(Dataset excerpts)
BEGIN

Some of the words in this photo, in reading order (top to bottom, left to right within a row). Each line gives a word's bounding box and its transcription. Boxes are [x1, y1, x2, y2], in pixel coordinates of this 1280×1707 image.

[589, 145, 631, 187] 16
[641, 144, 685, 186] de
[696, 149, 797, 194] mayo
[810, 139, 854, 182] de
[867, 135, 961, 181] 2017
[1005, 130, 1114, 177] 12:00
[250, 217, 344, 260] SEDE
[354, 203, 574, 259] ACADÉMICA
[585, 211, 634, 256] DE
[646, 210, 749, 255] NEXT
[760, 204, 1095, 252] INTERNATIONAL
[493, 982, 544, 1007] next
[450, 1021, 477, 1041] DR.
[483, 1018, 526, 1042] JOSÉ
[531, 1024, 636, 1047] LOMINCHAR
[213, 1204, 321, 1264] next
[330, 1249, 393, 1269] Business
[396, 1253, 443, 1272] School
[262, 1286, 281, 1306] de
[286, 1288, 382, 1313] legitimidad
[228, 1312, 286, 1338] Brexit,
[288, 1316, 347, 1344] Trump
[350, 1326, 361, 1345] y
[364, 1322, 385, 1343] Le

END

Output each record precisely as given.

Some of the words in this photo, in reading order (top to bottom, left to right within a row). Each line gives a word's bounding box and its transcription. Boxes are [x1, y1, x2, y2], in pixel coordinates of this 1280×1707 image.

[589, 145, 631, 187] 16
[641, 144, 685, 186] de
[696, 149, 797, 194] mayo
[810, 139, 854, 182] de
[867, 135, 961, 181] 2017
[1005, 130, 1114, 177] 12:00
[250, 217, 344, 260] SEDE
[354, 203, 574, 259] ACADÉMICA
[585, 211, 634, 256] DE
[646, 210, 749, 255] NEXT
[760, 204, 1095, 252] INTERNATIONAL
[493, 982, 544, 1007] next
[450, 1021, 477, 1041] DR.
[483, 1018, 526, 1042] JOSÉ
[531, 1024, 636, 1047] LOMINCHAR
[213, 1204, 321, 1264] next
[330, 1249, 393, 1269] Business
[396, 1253, 443, 1272] School
[262, 1286, 281, 1306] de
[286, 1288, 382, 1313] legitimidad
[228, 1312, 286, 1338] Brexit,
[288, 1316, 347, 1344] Trump
[350, 1326, 361, 1345] y
[364, 1322, 385, 1343] Le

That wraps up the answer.